Assignment: Reproduce every line of the material below, but drop the pictures.

Data records:
---+---
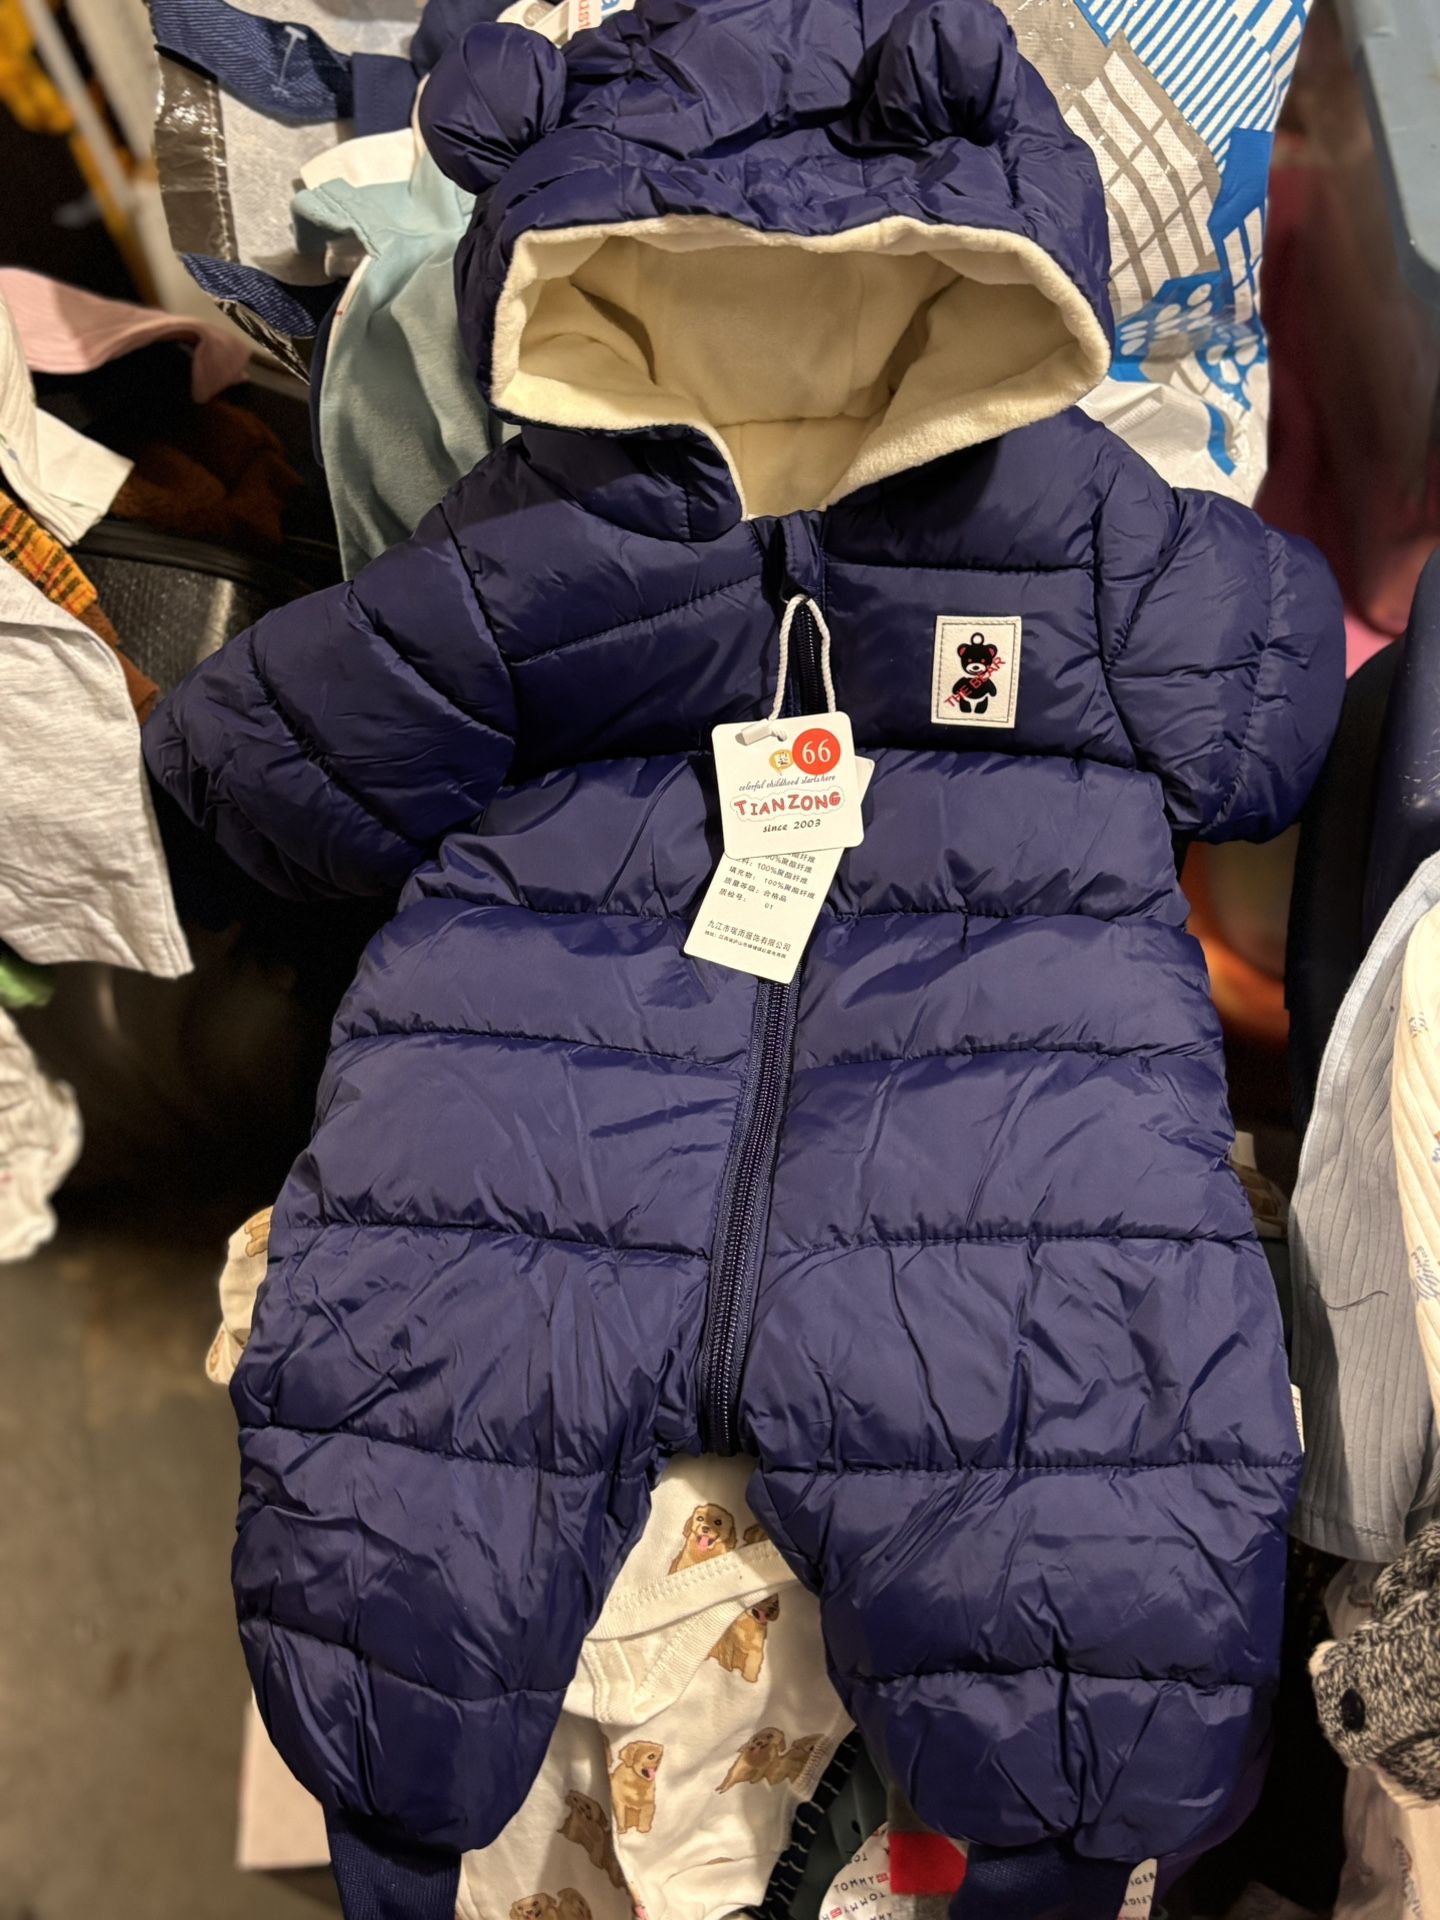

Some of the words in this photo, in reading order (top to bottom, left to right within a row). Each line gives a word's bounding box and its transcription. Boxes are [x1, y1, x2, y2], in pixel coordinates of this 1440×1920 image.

[944, 685, 973, 708] THE
[969, 656, 1006, 688] BEAR
[802, 739, 831, 765] 66
[734, 791, 841, 816] TIANZONG
[763, 823, 788, 833] since
[793, 818, 821, 830] 2003
[833, 1875, 874, 1893] TOMMY
[844, 1891, 886, 1914] TOMMY
---+---
Completed exercise:
Some of the words in this photo, in reading order (top to bottom, left to right within a row). Each line gives a word's bounding box and its transcription. Boxes are [x1, y1, x2, y2], in pixel coordinates of this 1440×1920 image.

[944, 685, 973, 708] THE
[969, 656, 1006, 688] BEAR
[802, 739, 831, 765] 66
[734, 791, 841, 816] TIANZONG
[763, 823, 788, 833] since
[793, 818, 821, 830] 2003
[833, 1875, 874, 1893] TOMMY
[844, 1891, 886, 1914] TOMMY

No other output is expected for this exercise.